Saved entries
=== Section Start ===

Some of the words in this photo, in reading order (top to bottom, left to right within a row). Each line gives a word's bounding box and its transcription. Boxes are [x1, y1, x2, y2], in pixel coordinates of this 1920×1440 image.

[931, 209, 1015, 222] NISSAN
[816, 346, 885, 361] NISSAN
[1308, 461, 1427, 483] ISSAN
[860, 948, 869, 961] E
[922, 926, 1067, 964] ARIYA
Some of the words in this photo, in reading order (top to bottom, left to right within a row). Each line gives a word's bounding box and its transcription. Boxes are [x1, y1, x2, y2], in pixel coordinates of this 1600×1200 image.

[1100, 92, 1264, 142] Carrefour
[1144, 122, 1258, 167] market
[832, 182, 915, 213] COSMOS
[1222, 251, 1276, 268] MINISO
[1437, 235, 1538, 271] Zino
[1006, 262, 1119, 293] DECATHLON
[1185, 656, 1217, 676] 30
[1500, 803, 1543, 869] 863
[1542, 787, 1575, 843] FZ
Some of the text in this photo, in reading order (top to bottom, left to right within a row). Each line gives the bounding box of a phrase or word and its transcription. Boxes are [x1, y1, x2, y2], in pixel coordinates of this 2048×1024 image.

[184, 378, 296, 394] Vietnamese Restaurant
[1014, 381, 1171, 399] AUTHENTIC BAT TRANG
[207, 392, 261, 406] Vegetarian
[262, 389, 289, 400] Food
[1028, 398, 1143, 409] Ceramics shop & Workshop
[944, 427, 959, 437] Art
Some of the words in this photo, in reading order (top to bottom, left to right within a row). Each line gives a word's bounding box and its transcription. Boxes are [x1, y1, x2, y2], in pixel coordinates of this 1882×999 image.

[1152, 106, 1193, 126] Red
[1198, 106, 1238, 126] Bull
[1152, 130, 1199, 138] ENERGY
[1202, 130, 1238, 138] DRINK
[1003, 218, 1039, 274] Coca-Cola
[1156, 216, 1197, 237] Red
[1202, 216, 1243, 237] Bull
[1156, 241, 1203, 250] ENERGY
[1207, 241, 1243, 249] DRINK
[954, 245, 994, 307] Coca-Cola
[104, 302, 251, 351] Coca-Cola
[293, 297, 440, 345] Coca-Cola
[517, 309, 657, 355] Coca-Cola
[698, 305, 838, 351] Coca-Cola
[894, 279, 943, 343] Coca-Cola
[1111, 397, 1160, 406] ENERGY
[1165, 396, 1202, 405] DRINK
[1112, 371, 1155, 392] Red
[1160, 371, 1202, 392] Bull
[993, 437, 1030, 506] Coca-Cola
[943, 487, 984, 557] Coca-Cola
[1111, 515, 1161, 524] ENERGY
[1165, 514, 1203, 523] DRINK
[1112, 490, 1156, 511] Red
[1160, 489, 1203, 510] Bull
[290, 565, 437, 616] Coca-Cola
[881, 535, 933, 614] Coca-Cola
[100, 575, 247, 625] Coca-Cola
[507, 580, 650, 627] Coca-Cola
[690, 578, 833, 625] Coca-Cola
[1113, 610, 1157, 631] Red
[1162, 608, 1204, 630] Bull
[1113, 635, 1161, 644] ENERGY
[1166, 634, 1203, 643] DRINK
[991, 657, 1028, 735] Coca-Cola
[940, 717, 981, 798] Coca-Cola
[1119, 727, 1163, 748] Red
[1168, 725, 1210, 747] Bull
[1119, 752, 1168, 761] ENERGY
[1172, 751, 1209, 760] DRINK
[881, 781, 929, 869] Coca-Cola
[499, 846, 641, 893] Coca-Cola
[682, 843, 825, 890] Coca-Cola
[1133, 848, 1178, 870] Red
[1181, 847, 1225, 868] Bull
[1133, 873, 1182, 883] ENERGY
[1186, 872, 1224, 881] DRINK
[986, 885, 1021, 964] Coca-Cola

=== Section End ===

Problem to solve ->
Retype all the data. Nothing may be left out or altered.

Task result ->
Some of the words in this photo, in reading order (top to bottom, left to right within a row). Each line gives a word's bounding box and its transcription. Boxes are [x1, y1, x2, y2], in pixel coordinates of this 1920×1440 image.

[931, 209, 1015, 222] NISSAN
[816, 346, 885, 361] NISSAN
[1308, 461, 1427, 483] ISSAN
[860, 948, 869, 961] E
[922, 926, 1067, 964] ARIYA
Some of the words in this photo, in reading order (top to bottom, left to right within a row). Each line gives a word's bounding box and its transcription. Boxes are [x1, y1, x2, y2], in pixel coordinates of this 1600×1200 image.

[1100, 92, 1264, 142] Carrefour
[1144, 122, 1258, 167] market
[832, 182, 915, 213] COSMOS
[1222, 251, 1276, 268] MINISO
[1437, 235, 1538, 271] Zino
[1006, 262, 1119, 293] DECATHLON
[1185, 656, 1217, 676] 30
[1500, 803, 1543, 869] 863
[1542, 787, 1575, 843] FZ
Some of the text in this photo, in reading order (top to bottom, left to right within a row). Each line gives the bounding box of a phrase or word and its transcription. Boxes are [x1, y1, x2, y2], in pixel coordinates of this 2048×1024 image.

[184, 378, 296, 394] Vietnamese Restaurant
[1014, 381, 1171, 399] AUTHENTIC BAT TRANG
[207, 392, 261, 406] Vegetarian
[262, 389, 289, 400] Food
[1028, 398, 1143, 409] Ceramics shop & Workshop
[944, 427, 959, 437] Art
Some of the words in this photo, in reading order (top to bottom, left to right within a row). Each line gives a word's bounding box and its transcription. Boxes are [x1, y1, x2, y2], in pixel coordinates of this 1882×999 image.

[1152, 106, 1193, 126] Red
[1198, 106, 1238, 126] Bull
[1152, 130, 1199, 138] ENERGY
[1202, 130, 1238, 138] DRINK
[1003, 218, 1039, 274] Coca-Cola
[1156, 216, 1197, 237] Red
[1202, 216, 1243, 237] Bull
[1156, 241, 1203, 250] ENERGY
[1207, 241, 1243, 249] DRINK
[954, 245, 994, 307] Coca-Cola
[104, 302, 251, 351] Coca-Cola
[293, 297, 440, 345] Coca-Cola
[517, 309, 657, 355] Coca-Cola
[698, 305, 838, 351] Coca-Cola
[894, 279, 943, 343] Coca-Cola
[1111, 397, 1160, 406] ENERGY
[1165, 396, 1202, 405] DRINK
[1112, 371, 1155, 392] Red
[1160, 371, 1202, 392] Bull
[993, 437, 1030, 506] Coca-Cola
[943, 487, 984, 557] Coca-Cola
[1111, 515, 1161, 524] ENERGY
[1165, 514, 1203, 523] DRINK
[1112, 490, 1156, 511] Red
[1160, 489, 1203, 510] Bull
[290, 565, 437, 616] Coca-Cola
[881, 535, 933, 614] Coca-Cola
[100, 575, 247, 625] Coca-Cola
[507, 580, 650, 627] Coca-Cola
[690, 578, 833, 625] Coca-Cola
[1113, 610, 1157, 631] Red
[1162, 608, 1204, 630] Bull
[1113, 635, 1161, 644] ENERGY
[1166, 634, 1203, 643] DRINK
[991, 657, 1028, 735] Coca-Cola
[940, 717, 981, 798] Coca-Cola
[1119, 727, 1163, 748] Red
[1168, 725, 1210, 747] Bull
[1119, 752, 1168, 761] ENERGY
[1172, 751, 1209, 760] DRINK
[881, 781, 929, 869] Coca-Cola
[499, 846, 641, 893] Coca-Cola
[682, 843, 825, 890] Coca-Cola
[1133, 848, 1178, 870] Red
[1181, 847, 1225, 868] Bull
[1133, 873, 1182, 883] ENERGY
[1186, 872, 1224, 881] DRINK
[986, 885, 1021, 964] Coca-Cola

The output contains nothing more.